Há um artigo publicado em ZH e transcrito para o livro “Território da Emoção”, 2013 (Cia. das Letras), que cita medidas que protegem contra o Alzheimer.
Já o livro “Do Mágico ao Social” cujo subtítulo é “Trajetória da Saúde Pública”, é história. Na primeira página refere que o Faraó Ramsés V teve varíola e a tuberculose foi diagnosticada em esqueletos de índios pré- colombianos. No capítulo das “Previsões”, fala do surgimento de novas vacinas e:
“Que será possível evitar ou tratar doenças hereditárias ou congênitas, que hoje matam crianças nos primeiros meses ou anos de vida …”

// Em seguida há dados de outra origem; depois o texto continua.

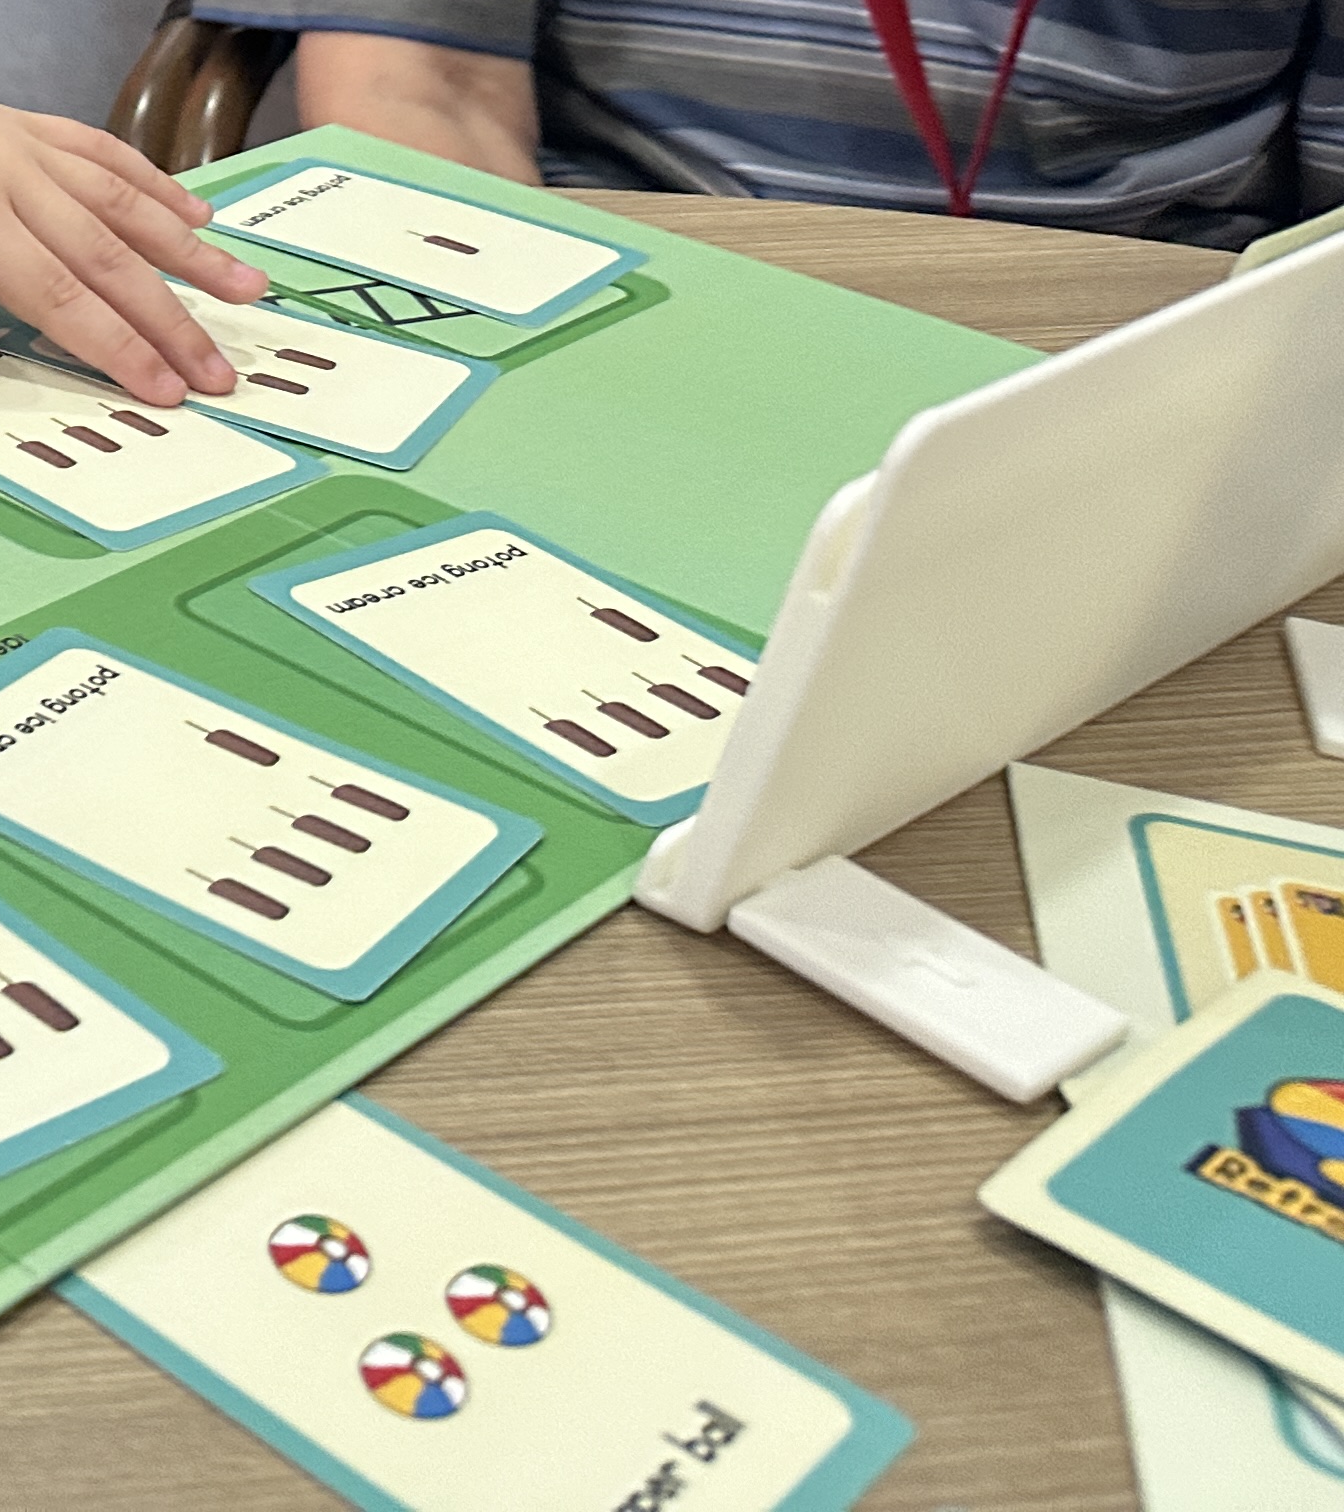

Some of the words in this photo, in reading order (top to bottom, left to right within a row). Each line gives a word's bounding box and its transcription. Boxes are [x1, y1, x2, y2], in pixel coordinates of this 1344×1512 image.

[298, 173, 352, 197] potong
[282, 195, 312, 207] ice
[238, 205, 287, 227] cream
[440, 544, 528, 578] potong
[407, 573, 451, 589] ice
[325, 585, 406, 614] cream
[39, 664, 121, 714] potong
[14, 711, 57, 734] ice
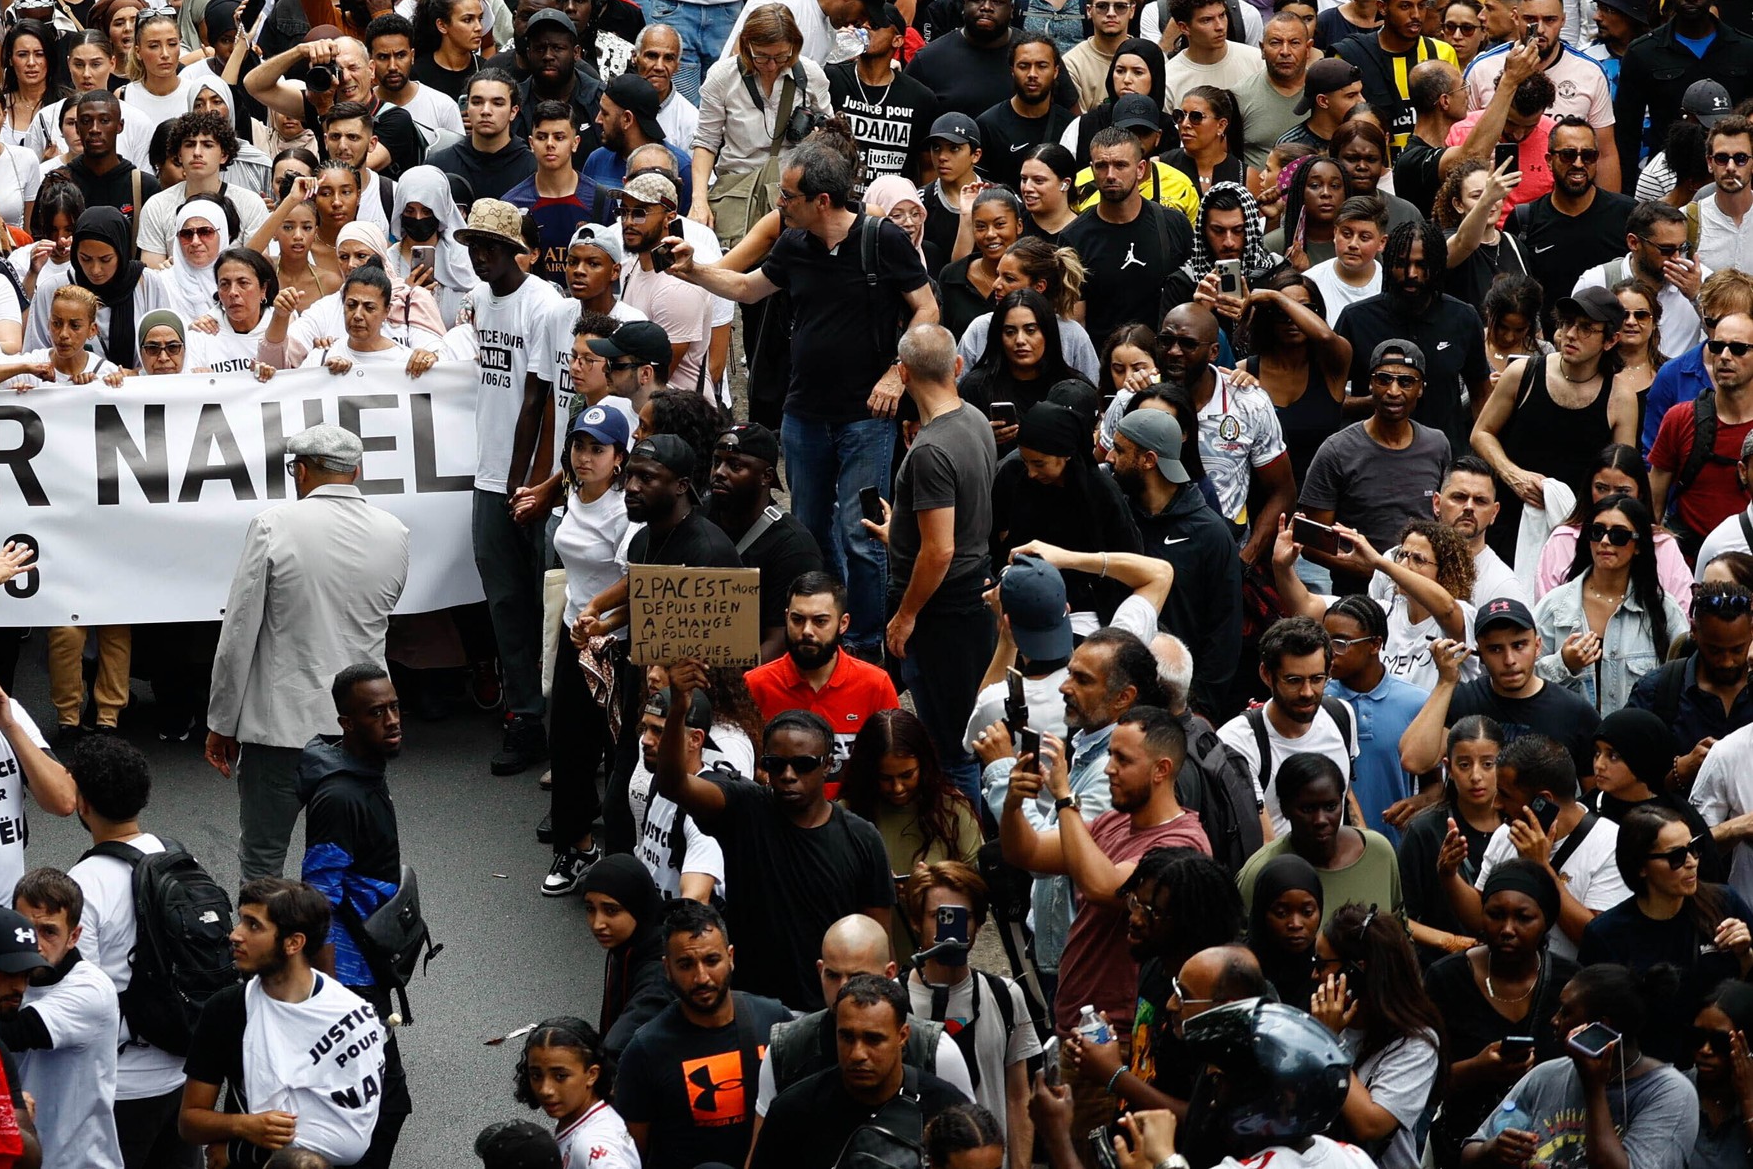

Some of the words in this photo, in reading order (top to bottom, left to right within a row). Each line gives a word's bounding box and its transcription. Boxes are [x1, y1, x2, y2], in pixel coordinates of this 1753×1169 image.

[843, 95, 882, 115] Justice
[886, 104, 914, 119] pour
[868, 150, 905, 166] justice
[211, 359, 250, 373] JUSTIC
[480, 349, 509, 369] AHEL
[482, 372, 511, 389] /06/23
[94, 393, 476, 506] NAHEL
[694, 577, 732, 598] EST
[642, 600, 697, 615] DEPUIS
[643, 617, 655, 629] A
[641, 630, 657, 640] LA
[662, 628, 711, 640] POLICE
[635, 642, 671, 662] TUE
[678, 644, 702, 657] NOS
[704, 645, 731, 656] VIES
[335, 1030, 379, 1069] POUR
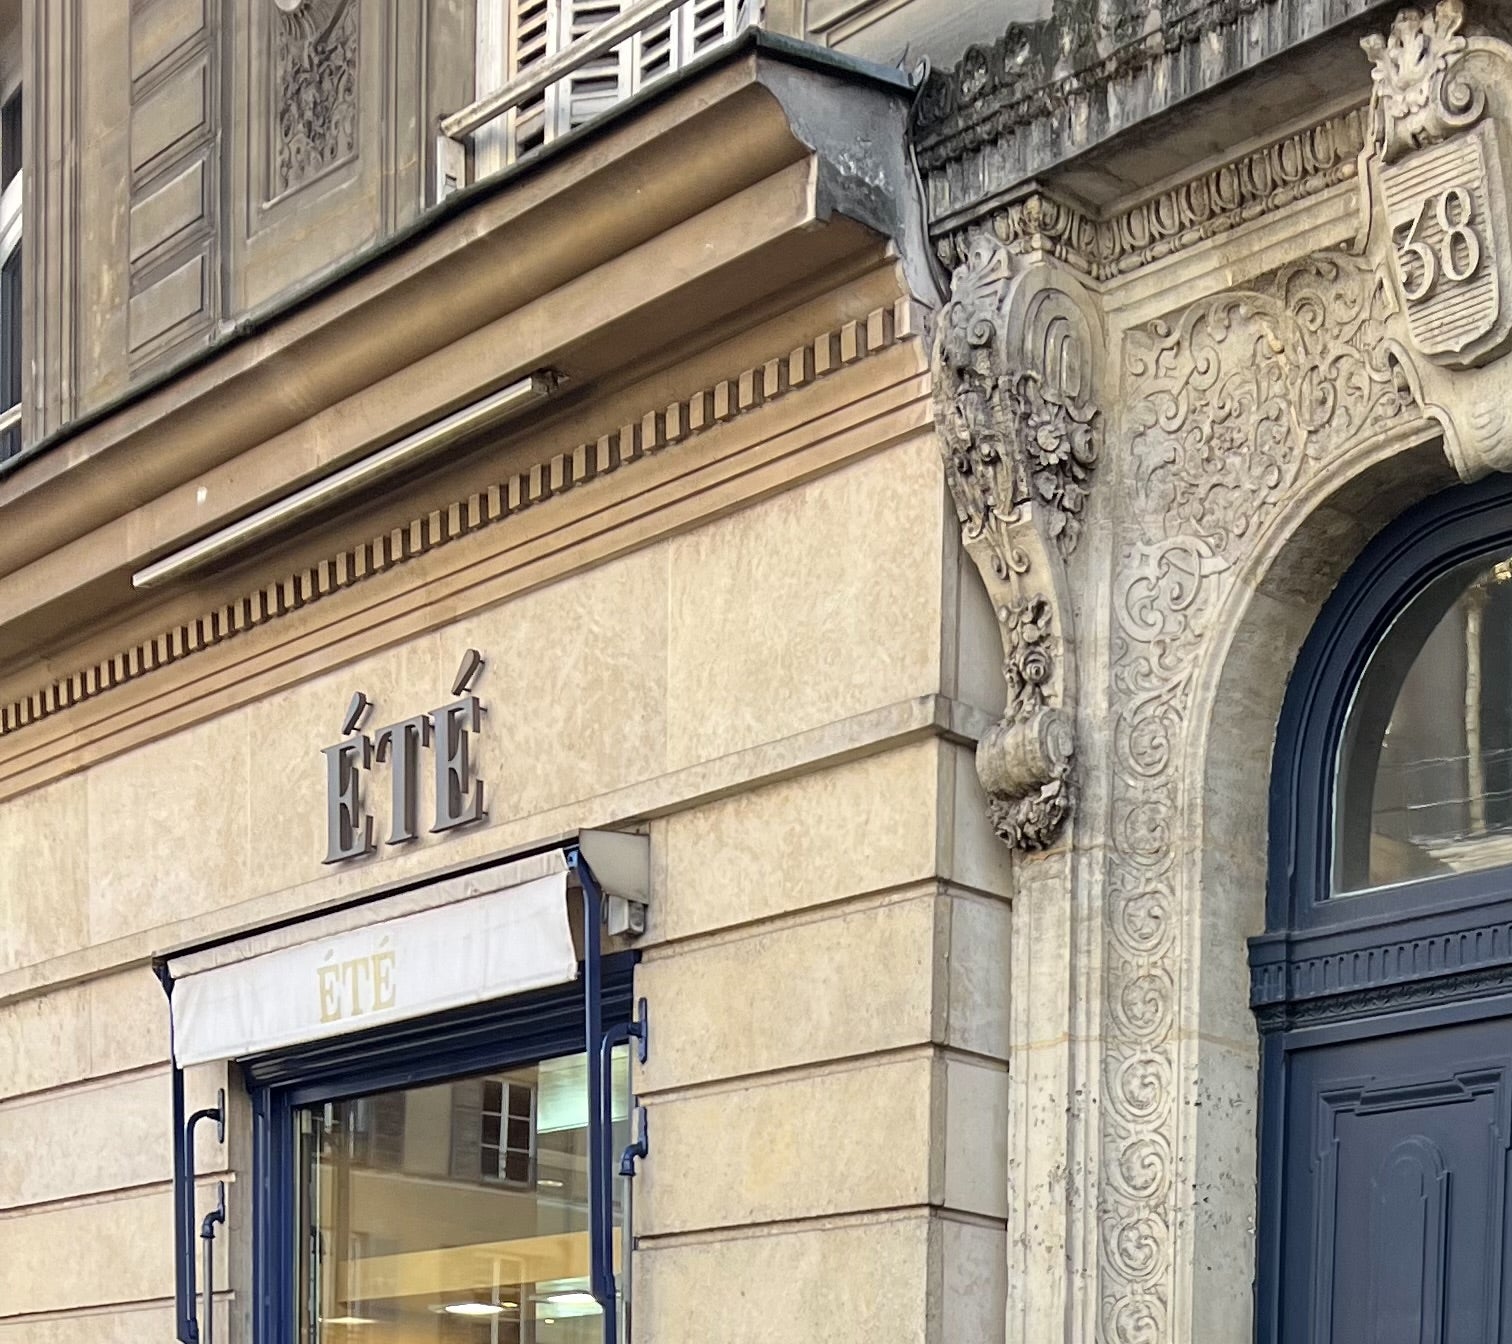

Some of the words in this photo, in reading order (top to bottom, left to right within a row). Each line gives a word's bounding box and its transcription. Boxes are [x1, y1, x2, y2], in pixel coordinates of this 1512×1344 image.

[1391, 186, 1480, 301] 38
[320, 648, 485, 865] ÉTÉ
[316, 935, 397, 1024] ÉTÉ
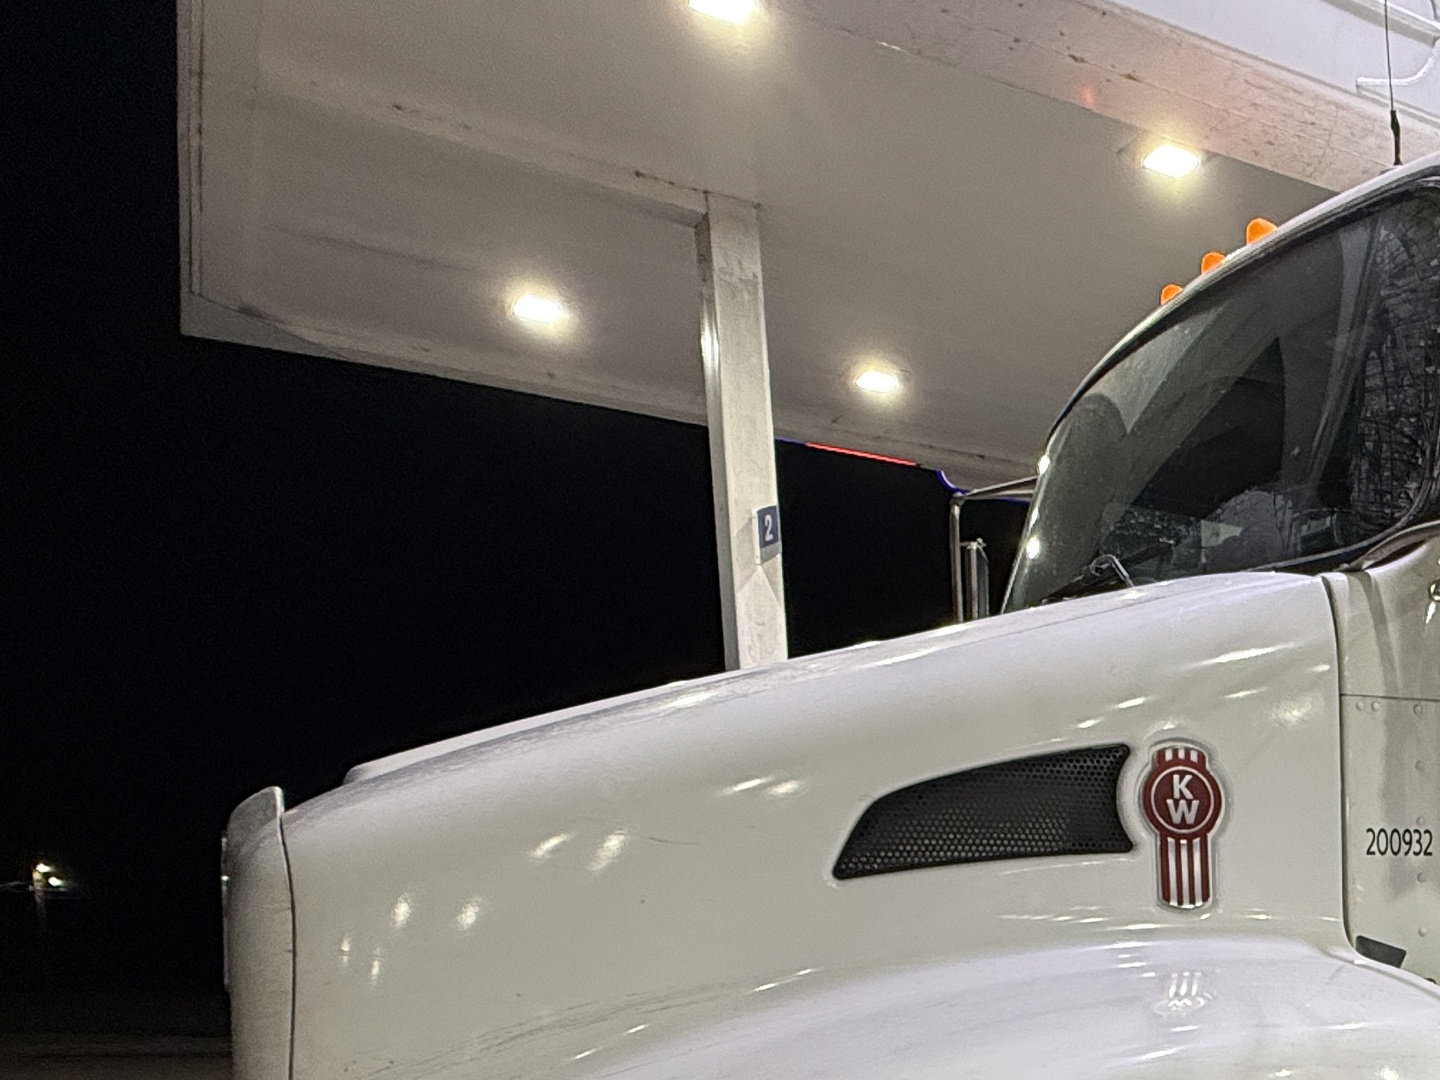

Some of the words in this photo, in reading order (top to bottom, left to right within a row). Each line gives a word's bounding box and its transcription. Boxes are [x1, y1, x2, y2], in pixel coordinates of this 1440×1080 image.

[764, 514, 774, 542] 2
[1172, 774, 1194, 800] K
[1165, 799, 1200, 824] W
[1365, 828, 1433, 857] 200932

Em um artigo publicado em “Médicos (Pr)escrevem”, ao analisar as razões da legibilidade da letra de médico vai fundo no coração da profissão.
“Os velhos doutores sabem que a luta contra a doença não se apoia em certeza, mas, sim, em tentativas: dans la medicine comme dans l’amour, ni jamais, ni toujurs, diziam os respeitados clínicos franceses: na medicina e no amor, ‘sempre’ e ‘nunca’ são palavras proibidas. Daí a dúvida, daí a ansiedade da dúvida, da qual o doutor se livra pela escrita rápida. E pouco legível”.
Escritor, historiador, romancista, professor, sanitarista, Doutor são tantos os títulos que não se pode esquecer que em momento algum Scliar deixou de lado o viés clínico. A formação recebida em 6 anos de faculdade depois foi aprimorada no exercício da medicina clínica. Flávio Kanter, no artigo “Dr. Miqui”, retratou bem a visão dos pacientes sobre o médico Scliar. Os companheiros de trabalho, ao longo de muitos anos, puderam observar, e mais do que isso, nas vezes em que precisaram de um bom clínico, e recorreram a ele, encontraram no colega um amigo e um médico na acepção da palavra.
Dr. Mico nos deixou quase 50 anos depois de formado. Tinha sido orador da turma de 1962. Um discurso polêmico, que abordava desde as tradicionais referências aos parentes, amigos, esposas e esposos, colegas, professores e formandos até as grandes mazelas da humanidade. Ao término do discurso instava aos colegas:
“Prossigamos juntos, colegas. Hoje, é dia da formatura, quando o Brasil nos chama para o caminho da medicina honesta e realizadora, nós podemos responder, como tanta vezes o fizemos no curso médico: Estamos presentes”.
* Médico e político brasileiro, formado em 1968 pela então Faculdade Católica de Medicina de Porto Alegre, atualmente Universidade Federal de Ciências da Saúde de Porto Alegre. Foi por duas vezes secretário da saúde e do meio-ambiente do estado do Rio Grande do Sul e ocupou cargos no INPS e BRDE.